SUPPLIED DATA:
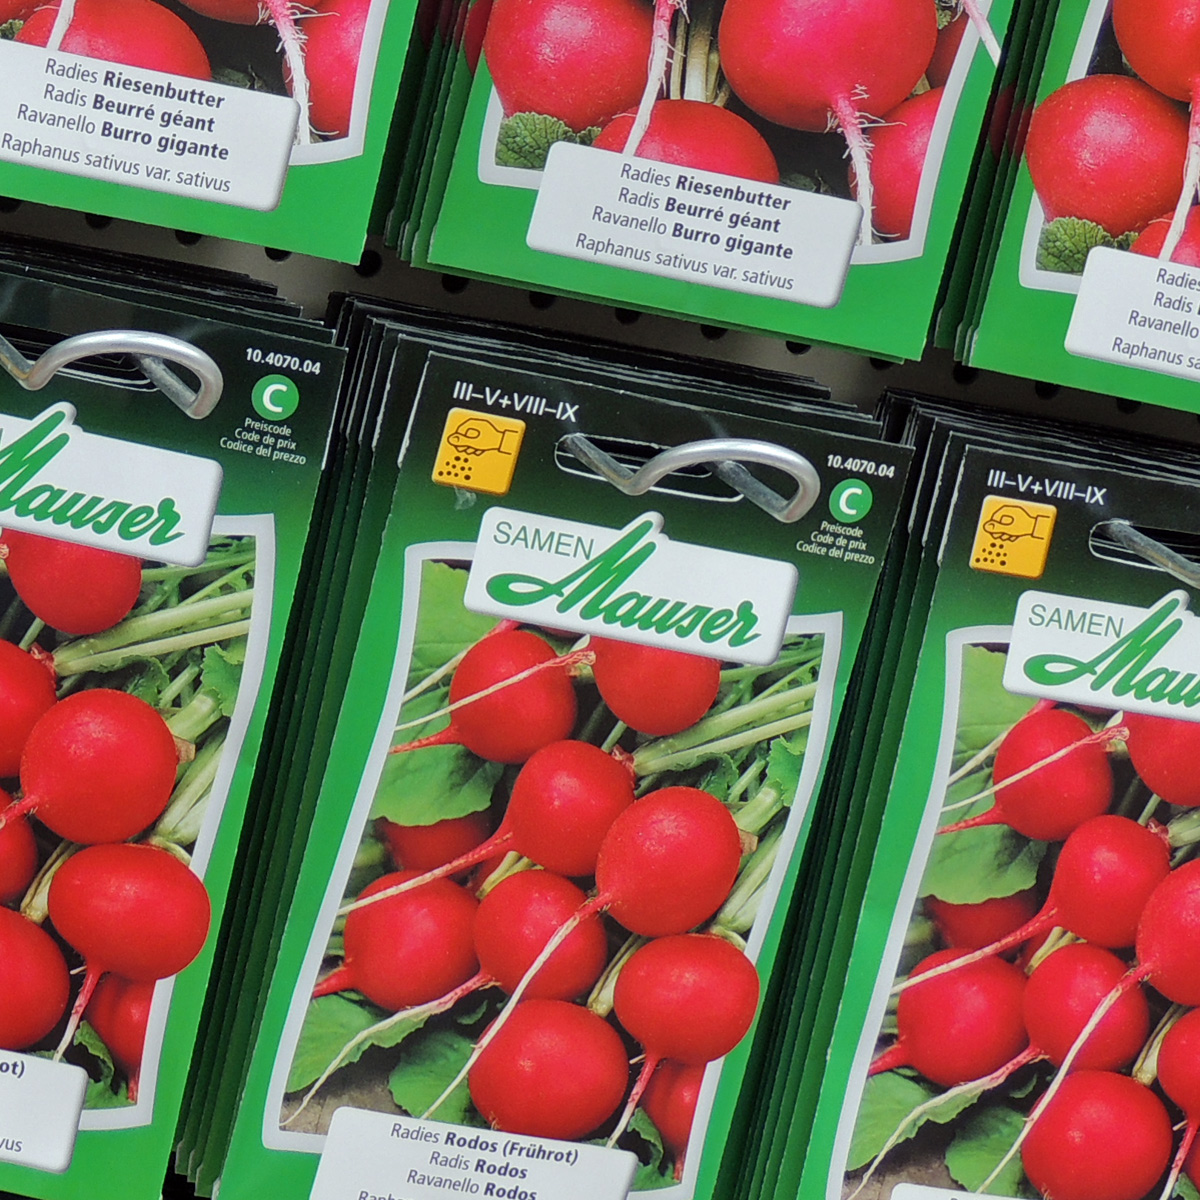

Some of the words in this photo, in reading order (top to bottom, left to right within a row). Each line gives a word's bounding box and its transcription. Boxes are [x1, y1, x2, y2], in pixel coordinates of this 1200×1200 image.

[44, 57, 98, 84] Radies
[102, 69, 225, 109] Riesenbutter
[43, 82, 87, 107] Radis
[91, 93, 155, 121] Beurré
[158, 109, 215, 133] géant
[16, 103, 96, 134] Ravanello
[100, 120, 152, 145] Burro
[155, 133, 229, 160] gigante
[0, 132, 80, 163] Raphanus
[83, 153, 140, 175] sativus
[145, 165, 171, 182] var.
[175, 171, 231, 192] sativus
[620, 162, 671, 187] Radies
[674, 174, 792, 211] Riesenbutter
[1152, 290, 1193, 314] Radis
[1128, 309, 1200, 339] Ravanello
[245, 348, 321, 375] 10.4070.04
[1111, 336, 1184, 365] Raphanus
[262, 383, 288, 414] C
[233, 427, 260, 442] Code
[261, 433, 275, 445] de
[275, 437, 297, 450] prix
[243, 416, 292, 437] Preiscode
[219, 436, 254, 454] Codice
[254, 444, 272, 457] del
[271, 446, 306, 465] prezzo
[827, 454, 895, 479] 10.4070.04
[839, 487, 863, 515] C
[1028, 604, 1124, 638] SAMEN
[390, 1122, 440, 1144] Radies
[443, 1130, 499, 1153] Rodos
[502, 1139, 579, 1166] (Frührot)
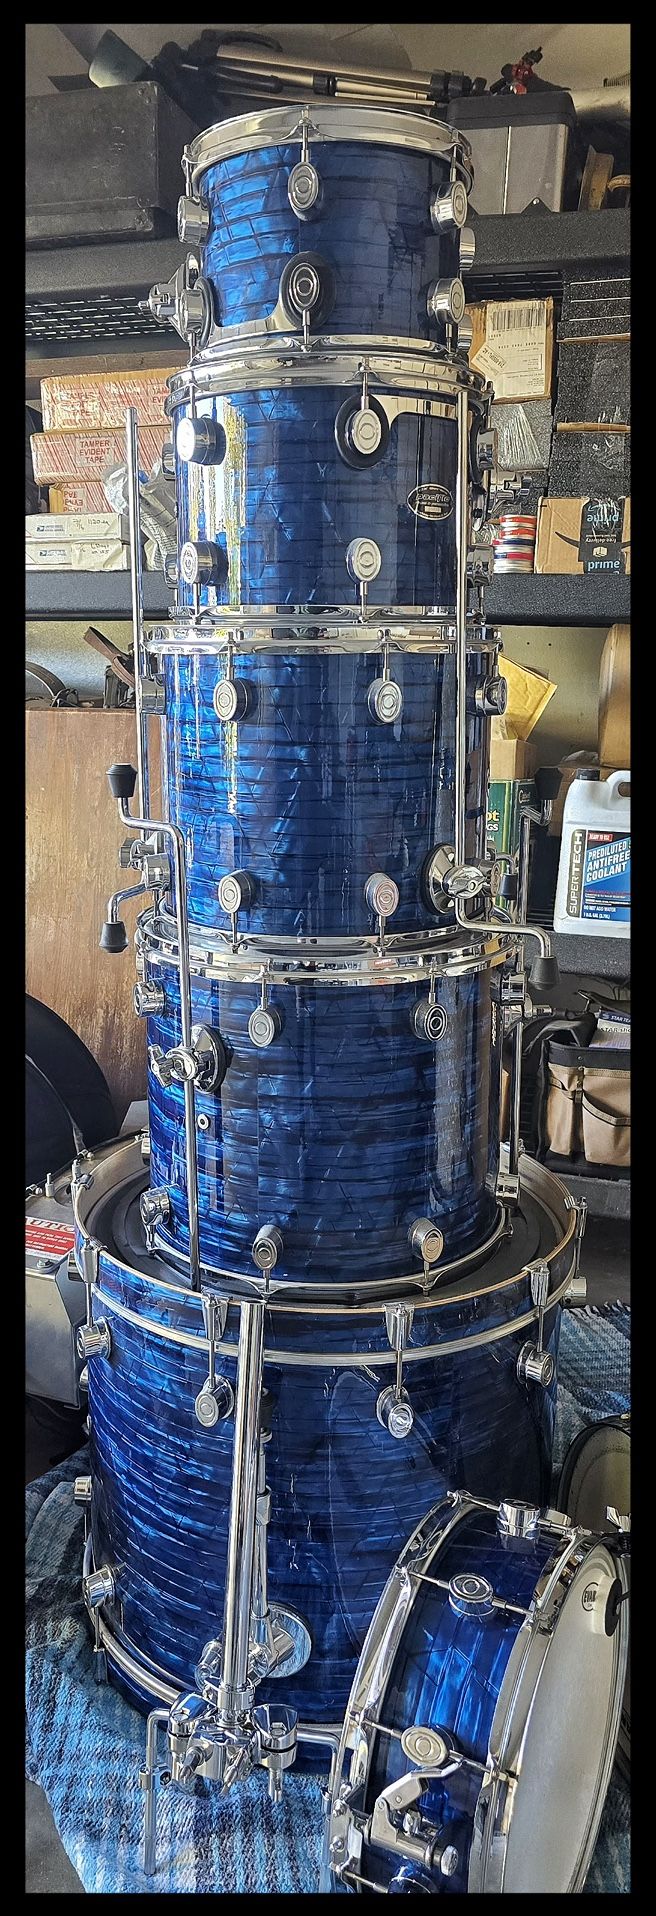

PROMPT: Please copy out each line above exactly as written, but not the pictures.

EXERCISE ANSWER:
Some of the words in this photo, in reading order (top to bottom, left to right within a row). Each line gives a word's bounding box and its transcription. Boxes are [x1, y1, x2, y2], in pixel coordinates of this 1200×1200 image.

[44, 57, 98, 84] Radies
[102, 69, 225, 109] Riesenbutter
[43, 82, 87, 107] Radis
[91, 93, 155, 121] Beurré
[158, 109, 215, 133] géant
[16, 103, 96, 134] Ravanello
[100, 120, 152, 145] Burro
[155, 133, 229, 160] gigante
[0, 132, 80, 163] Raphanus
[83, 153, 140, 175] sativus
[145, 165, 171, 182] var.
[175, 171, 231, 192] sativus
[620, 162, 671, 187] Radies
[674, 174, 792, 211] Riesenbutter
[1152, 290, 1193, 314] Radis
[1128, 309, 1200, 339] Ravanello
[245, 348, 321, 375] 10.4070.04
[1111, 336, 1184, 365] Raphanus
[262, 383, 288, 414] C
[233, 427, 260, 442] Code
[261, 433, 275, 445] de
[275, 437, 297, 450] prix
[243, 416, 292, 437] Preiscode
[219, 436, 254, 454] Codice
[254, 444, 272, 457] del
[271, 446, 306, 465] prezzo
[827, 454, 895, 479] 10.4070.04
[839, 487, 863, 515] C
[1028, 604, 1124, 638] SAMEN
[390, 1122, 440, 1144] Radies
[443, 1130, 499, 1153] Rodos
[502, 1139, 579, 1166] (Frührot)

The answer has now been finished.